Hezbollah has not commented on Israel’s allegations that it had hidden weapons in homes, and its press office announced that only one man had died on Monday evening.
But indicating that it is unlikely to back down, it said it responded to “attacks by Israel’s enemies” by firing rockets at several Israeli military bases in northern Israel, as well as a weapons production facility in the coastal area of Zvulun. , north of the city of Haifa.
The IDF said 210 projectiles fell in Lebanon by evening, and that an unspecified number had hit the Lower and Upper Galilee regions, Haifa and the nearby areas of Carmel, HaAmakim and Hamifratz, and the Golan Heights.
Another house was badly damaged by a rocket in Givat Avni, Lower Galilee.
Resident David Yitzhak told the BBC that he, his wife and six-year-old daughter were unharmed because they were able to get behind the strong door of the house’s safe room moments before, when the siren went off.
“It is a meter from life to death,” he said.
Israel’s ambulance service said it treated two people who were wounded in pits in the Lower and Upper Galilee, while another was injured while rushing to a shelter.
On Sunday, Hezbollah launched more than 150 rockets and drones across the border, while Israeli warplanes struck hundreds of targets across Lebanon.
Hezbollah remains a formidable force, despite being weakened by what Israel’s defense minister described as the group’s “toughest week” since its founding.

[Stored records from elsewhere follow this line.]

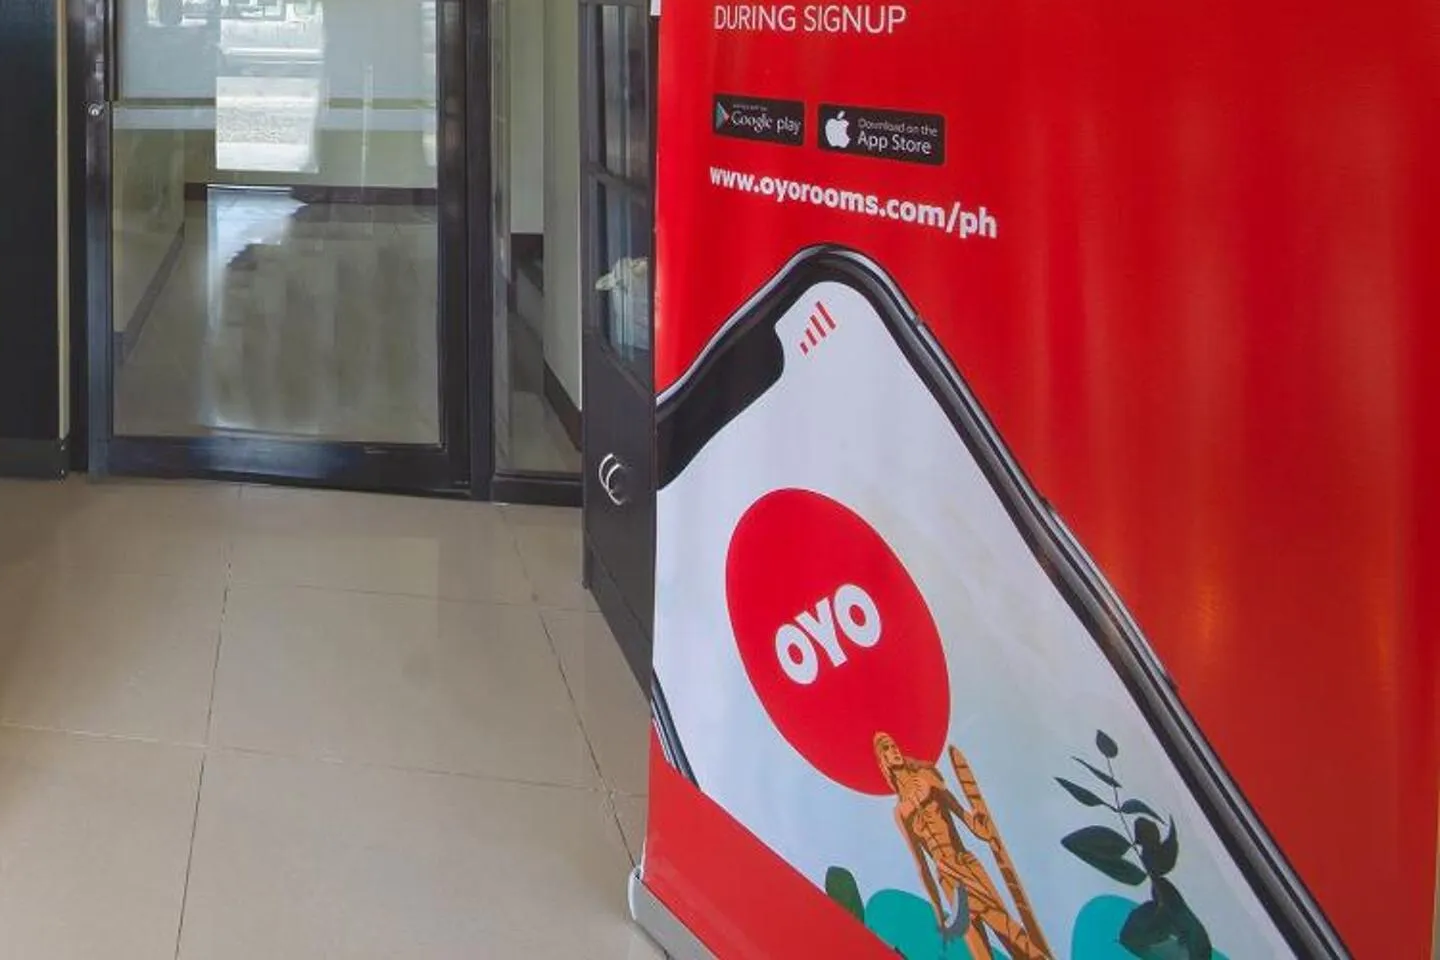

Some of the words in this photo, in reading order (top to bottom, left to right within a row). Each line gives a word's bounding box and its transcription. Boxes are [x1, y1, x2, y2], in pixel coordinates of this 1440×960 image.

[714, 5, 796, 31] DURING
[804, 5, 907, 33] SIGNUP
[731, 110, 772, 133] Google
[777, 116, 802, 136] play
[858, 117, 906, 133] Download
[921, 123, 938, 137] the
[857, 131, 888, 153] App
[892, 134, 932, 155] Store
[710, 166, 997, 239] www.oyorooms.com/ph
[775, 583, 882, 685] OYO
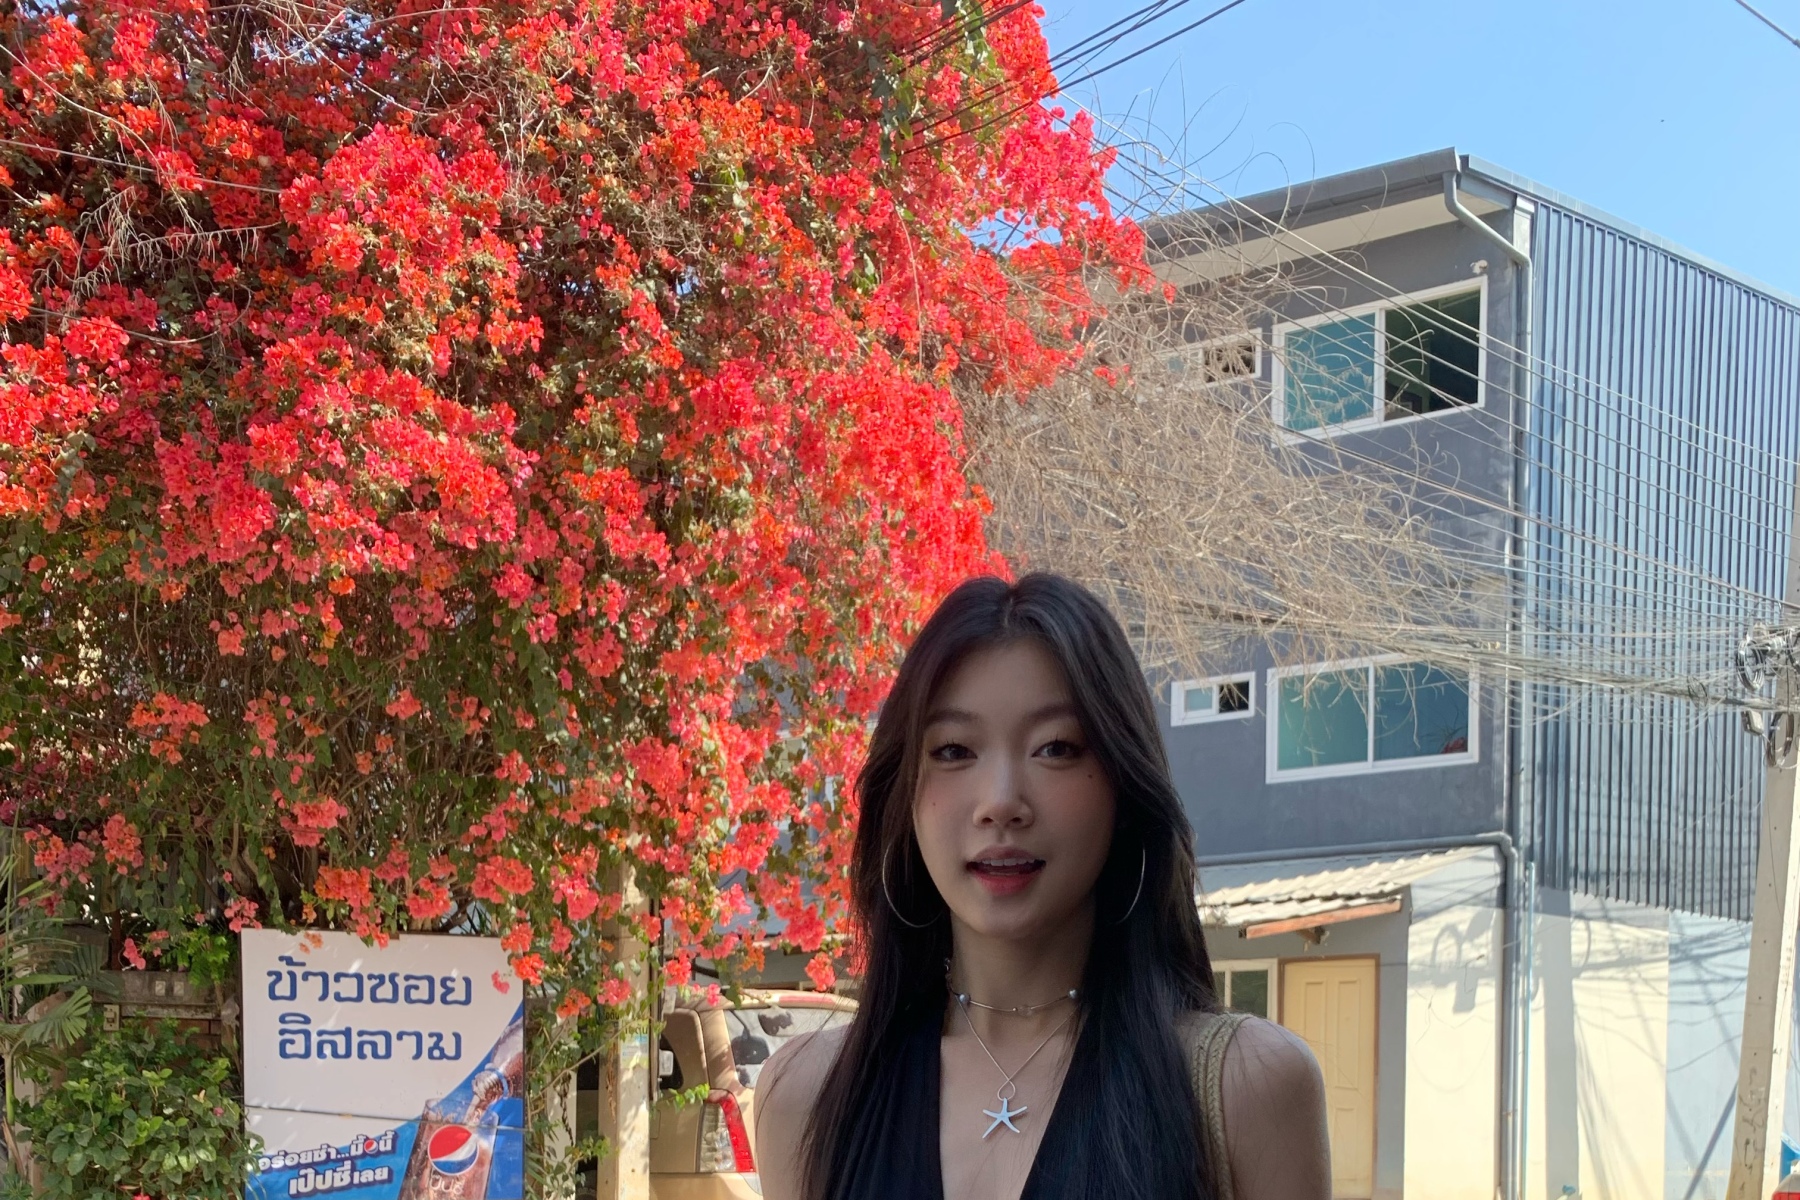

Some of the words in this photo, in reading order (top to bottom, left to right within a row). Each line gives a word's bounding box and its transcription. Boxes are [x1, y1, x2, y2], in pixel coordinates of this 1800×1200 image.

[267, 955, 472, 1006] ข้าวซอย
[278, 1011, 462, 1062] อิสลาม
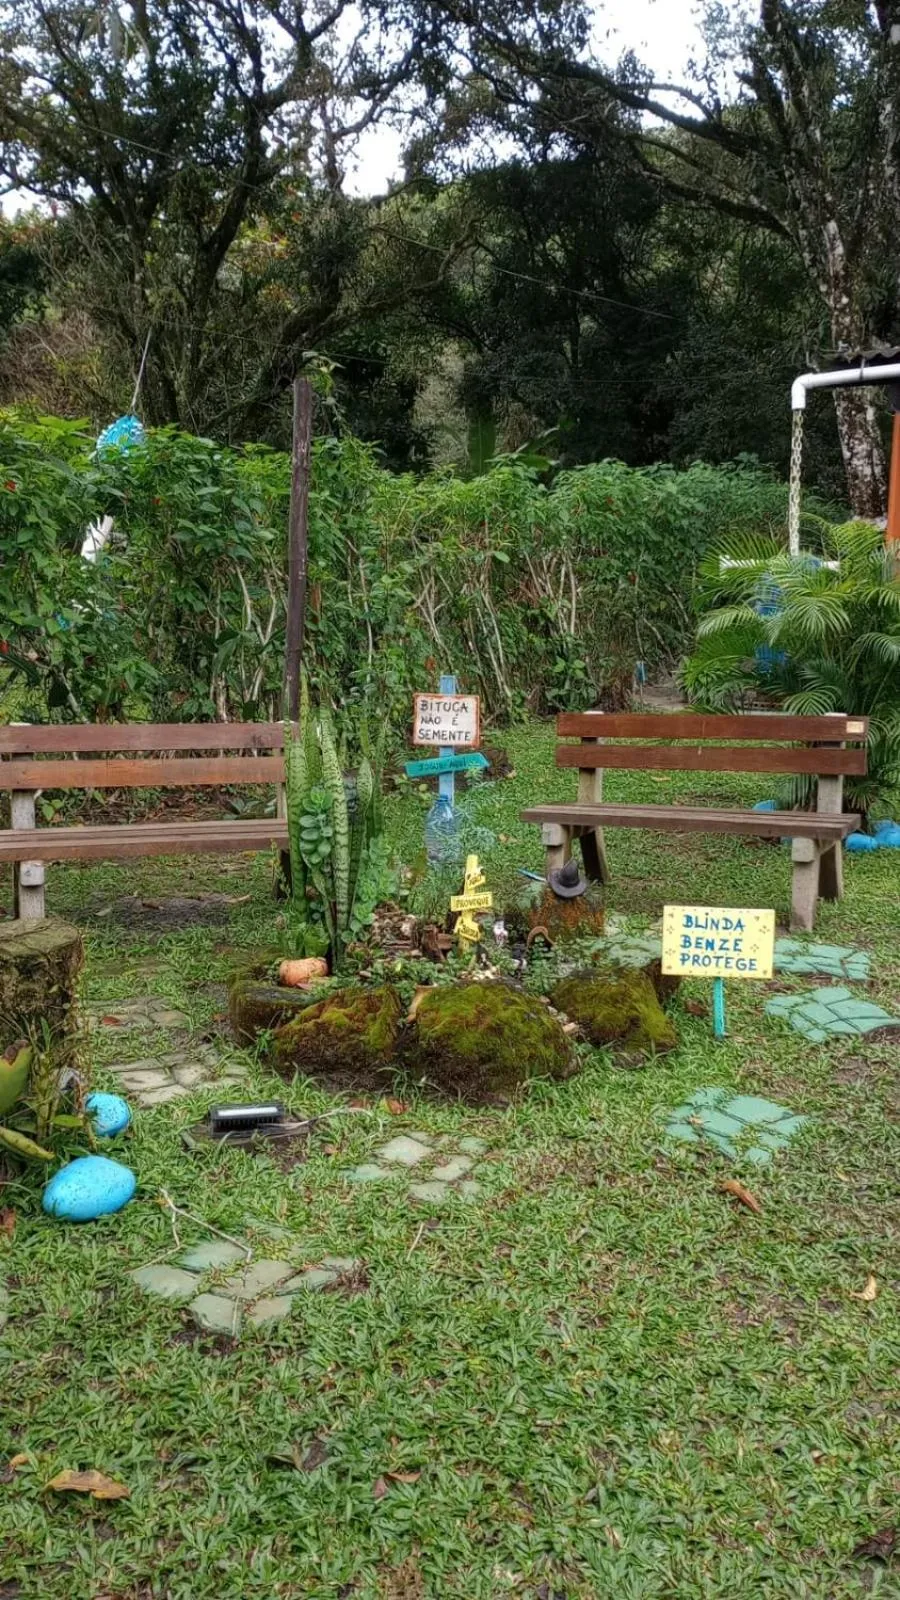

On Tuesday and Wednesday, 39 people were killed and thousands injured after thousands of pagers and walkie-talkies used by Hezbollah exploded. Also on Friday, Hezbollah said at least 16 members, including top commanders of the elite Radwan Force, were among 45 people killed in an Israeli airstrike south of Beirut.
Speaking at the funeral on Sunday, Hezbollah’s deputy leader Naim Qassem said the group would not be disturbed.
“We have entered a new phase,” he said, “the title of which is the open war of reckoning.”
In the streets of Beirut, one young man told the BBC that he is “very afraid of the ongoing war” because “it will cause a big disaster, it will stop students from going to university”.
But another man was disrespectful and said: “Let’s not be afraid, we have to stop, we have to defend ourselves.”